Write out the entries exactly, leaving out every picture.

+++ SUPPLIED DATA +++

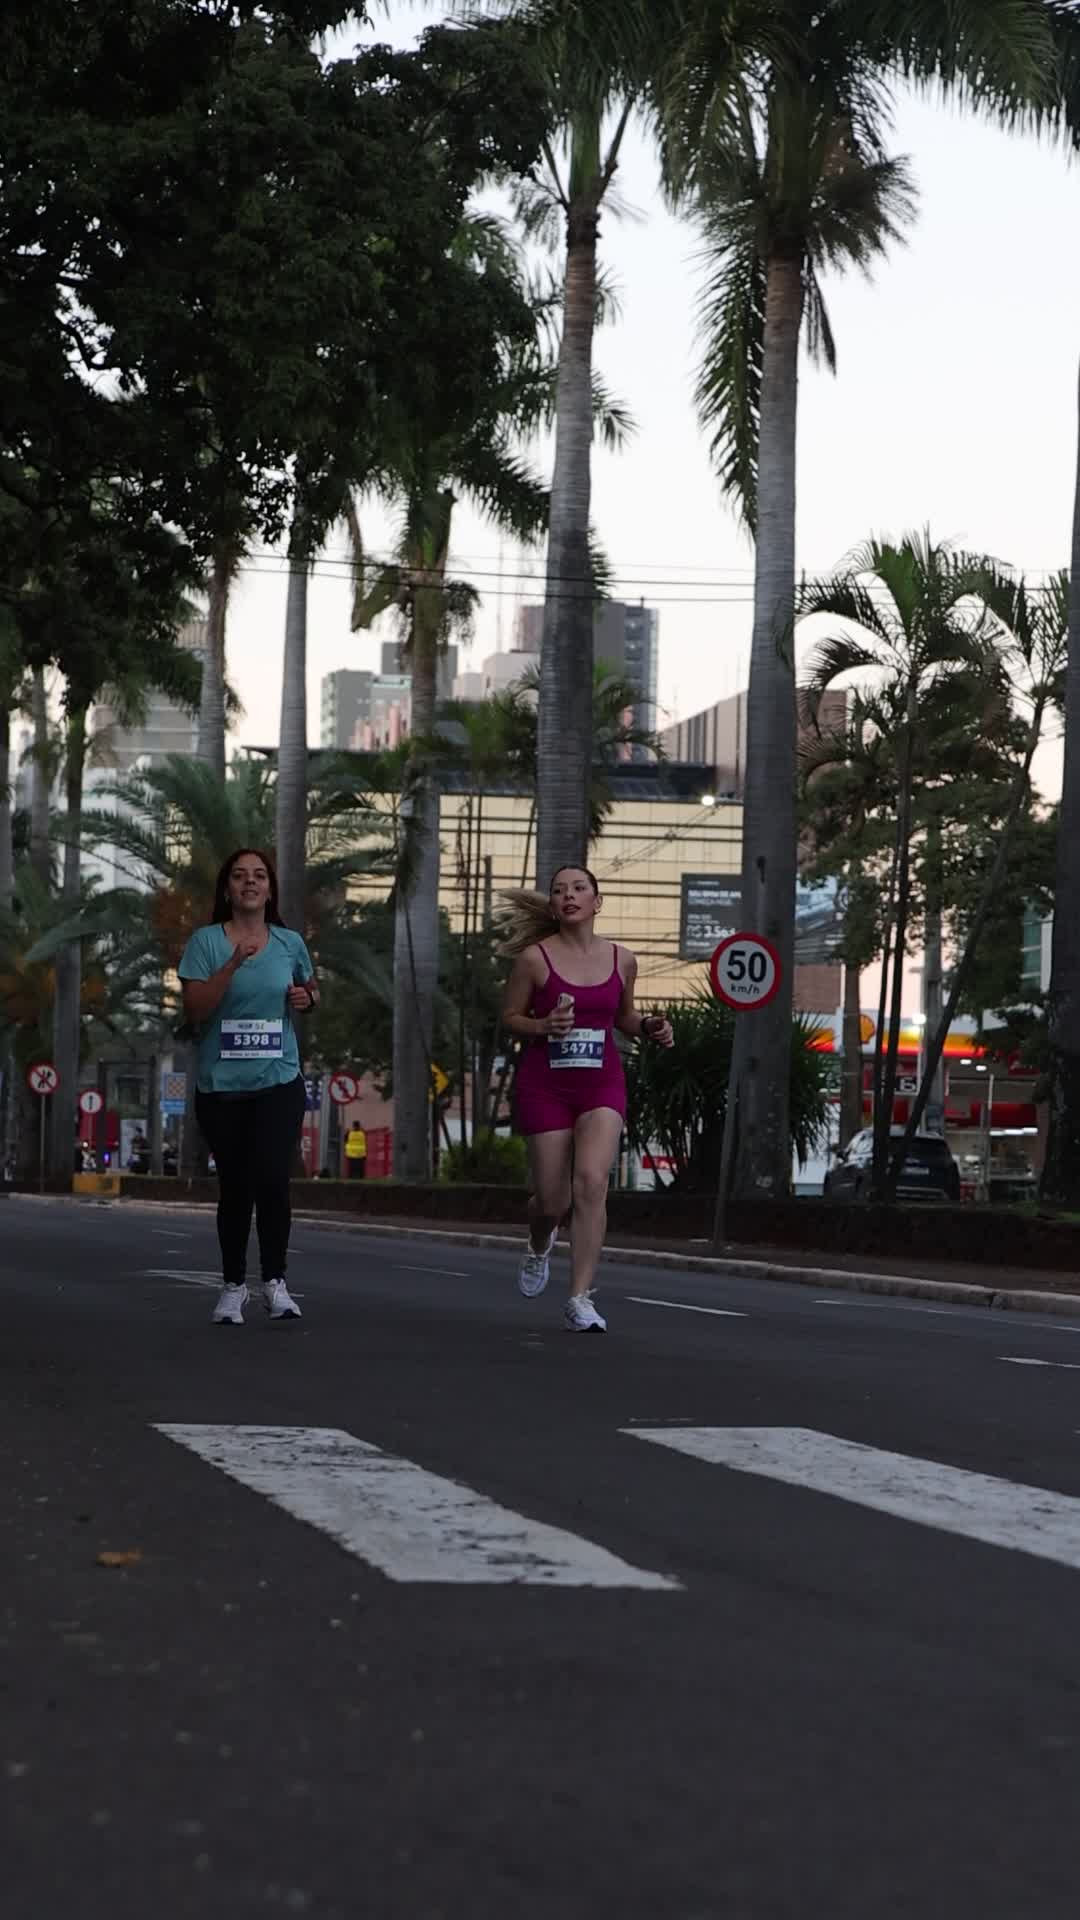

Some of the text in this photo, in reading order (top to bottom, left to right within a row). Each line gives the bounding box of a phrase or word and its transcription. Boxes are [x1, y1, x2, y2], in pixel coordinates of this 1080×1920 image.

[727, 950, 767, 983] 50
[731, 983, 760, 995] km/h
[233, 1034, 269, 1046] 5398
[561, 1042, 594, 1055] 5471

+++

**FINISHED EXERCISE**:
Some of the text in this photo, in reading order (top to bottom, left to right within a row). Each line gives the bounding box of a phrase or word and its transcription. Boxes are [x1, y1, x2, y2], in pixel coordinates of this 1080×1920 image.

[727, 950, 767, 983] 50
[731, 983, 760, 995] km/h
[233, 1034, 269, 1046] 5398
[561, 1042, 594, 1055] 5471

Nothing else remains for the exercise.